> The task:
Without including any picture, repeat the records below exactly.

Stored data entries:
- - - - - - -
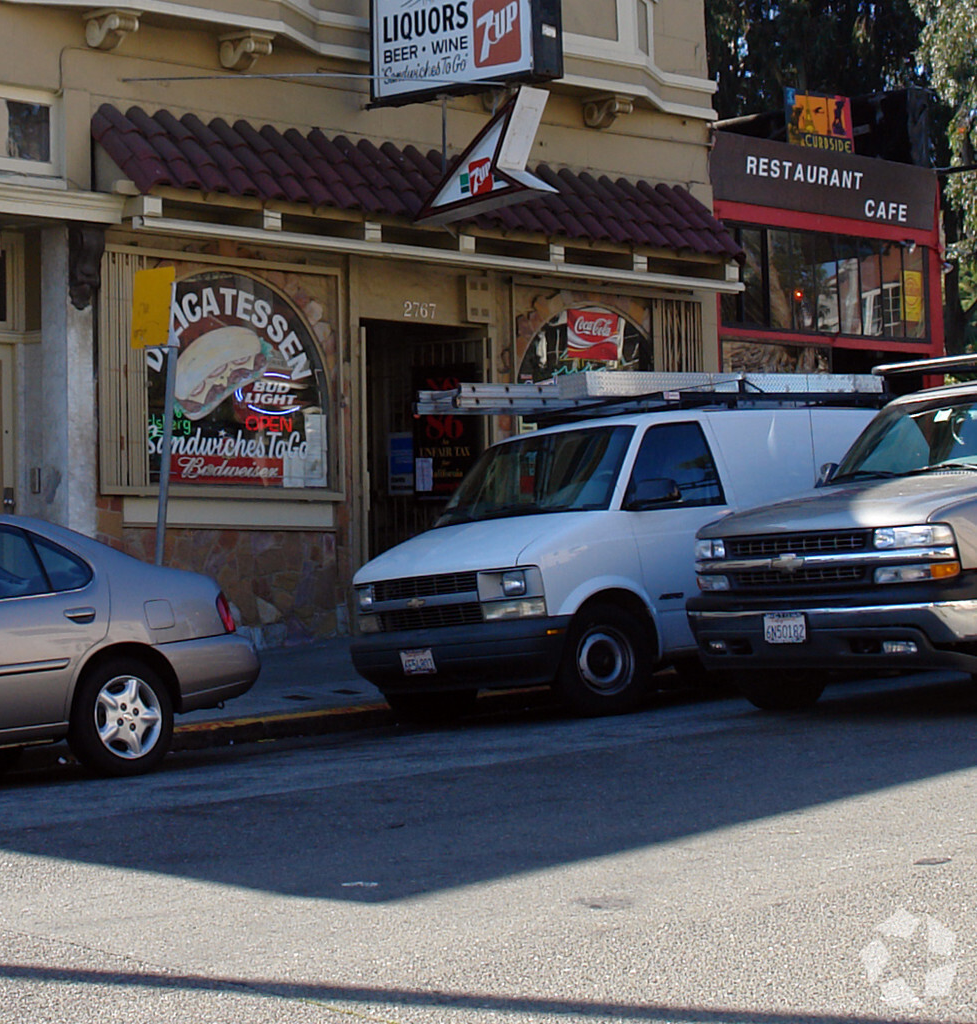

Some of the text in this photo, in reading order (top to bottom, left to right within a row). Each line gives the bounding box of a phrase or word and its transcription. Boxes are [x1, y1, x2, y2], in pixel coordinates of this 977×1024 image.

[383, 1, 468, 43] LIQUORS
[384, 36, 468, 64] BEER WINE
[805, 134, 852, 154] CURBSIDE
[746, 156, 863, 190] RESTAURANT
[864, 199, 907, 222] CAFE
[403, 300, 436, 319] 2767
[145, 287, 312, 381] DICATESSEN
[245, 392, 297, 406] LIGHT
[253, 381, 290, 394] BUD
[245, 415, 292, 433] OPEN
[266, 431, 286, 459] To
- - - - - - -
> Solution for this exercise:
Some of the text in this photo, in reading order (top to bottom, left to right within a row). Each line gives the bounding box of a phrase or word and its transcription. Boxes are [x1, y1, x2, y2], in pixel coordinates of this 977×1024 image.

[383, 1, 468, 43] LIQUORS
[384, 36, 468, 64] BEER WINE
[805, 134, 852, 154] CURBSIDE
[746, 156, 863, 190] RESTAURANT
[864, 199, 907, 222] CAFE
[403, 300, 436, 319] 2767
[145, 287, 312, 381] DICATESSEN
[245, 392, 297, 406] LIGHT
[253, 381, 290, 394] BUD
[245, 415, 292, 433] OPEN
[266, 431, 286, 459] To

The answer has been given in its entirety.